Any open benchmark has a very short life, since it will be pulled in and DPO / RL trained quickly for benchmaxxing purposes. So, you'll need a private test to have a hope of something fair. (These also get leaked over time, btw, so even then there's a window of usability).

These are expensive to run.

Now consider that there might be 15-20 viable quants for a given open model release; someone would have to want to pay for these private evals to be run on them. Even then, a good read through unsloth's commits and blog posts will remind you that there's quite a lot of engineering work to be done to get model inference working properly, even for models released by frontier or near-frontier labs. So, you'd want to make sure that you have a replicable 'best engineered' deployment to evaluate, or at least one that's closest to your hardware and fits the bill.

Upshot - it's much faster to download and try out a model, and possibly cheaper too. Well, cheaper since hugging face is paying the bandwidth bills.

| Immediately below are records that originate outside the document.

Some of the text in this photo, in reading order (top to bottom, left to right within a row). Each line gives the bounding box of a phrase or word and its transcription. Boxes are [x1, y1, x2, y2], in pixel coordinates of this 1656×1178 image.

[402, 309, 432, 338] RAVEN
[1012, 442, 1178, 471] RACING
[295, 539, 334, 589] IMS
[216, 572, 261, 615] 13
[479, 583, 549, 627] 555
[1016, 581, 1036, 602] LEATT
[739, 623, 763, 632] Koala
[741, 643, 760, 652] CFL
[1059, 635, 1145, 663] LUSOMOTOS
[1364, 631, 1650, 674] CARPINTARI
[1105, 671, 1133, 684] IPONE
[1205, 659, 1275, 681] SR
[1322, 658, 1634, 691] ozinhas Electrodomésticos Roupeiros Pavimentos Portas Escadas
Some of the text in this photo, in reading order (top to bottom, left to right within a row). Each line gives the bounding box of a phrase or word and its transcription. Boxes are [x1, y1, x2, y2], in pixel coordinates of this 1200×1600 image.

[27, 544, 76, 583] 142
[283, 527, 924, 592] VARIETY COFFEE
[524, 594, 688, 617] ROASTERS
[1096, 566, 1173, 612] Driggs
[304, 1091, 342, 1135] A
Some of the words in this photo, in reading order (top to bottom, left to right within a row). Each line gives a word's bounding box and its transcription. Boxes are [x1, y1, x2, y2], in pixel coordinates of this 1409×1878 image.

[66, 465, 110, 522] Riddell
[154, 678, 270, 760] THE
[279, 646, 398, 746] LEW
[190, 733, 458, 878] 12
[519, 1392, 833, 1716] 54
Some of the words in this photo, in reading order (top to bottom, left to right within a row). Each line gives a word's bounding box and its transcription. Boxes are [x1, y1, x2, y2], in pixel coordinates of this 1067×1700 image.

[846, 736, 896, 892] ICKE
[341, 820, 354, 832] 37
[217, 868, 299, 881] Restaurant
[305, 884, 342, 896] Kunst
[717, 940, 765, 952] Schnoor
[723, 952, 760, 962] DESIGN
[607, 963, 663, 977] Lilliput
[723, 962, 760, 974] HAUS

cyanydeez 19 minutes ago | parent [-]

there are benchmarks that have nothing to do with the training material, but with how the models are capable of things like reading code: https://needle-bench.cc/

Generally, you give them a document and you ask them to retrieve some subsection of the document then rate them on what they retrieved.

You can always find enough random documents, or create your own, to always run these and you can make it arbitrarily long. It's definitely a valid non-maxxable context test.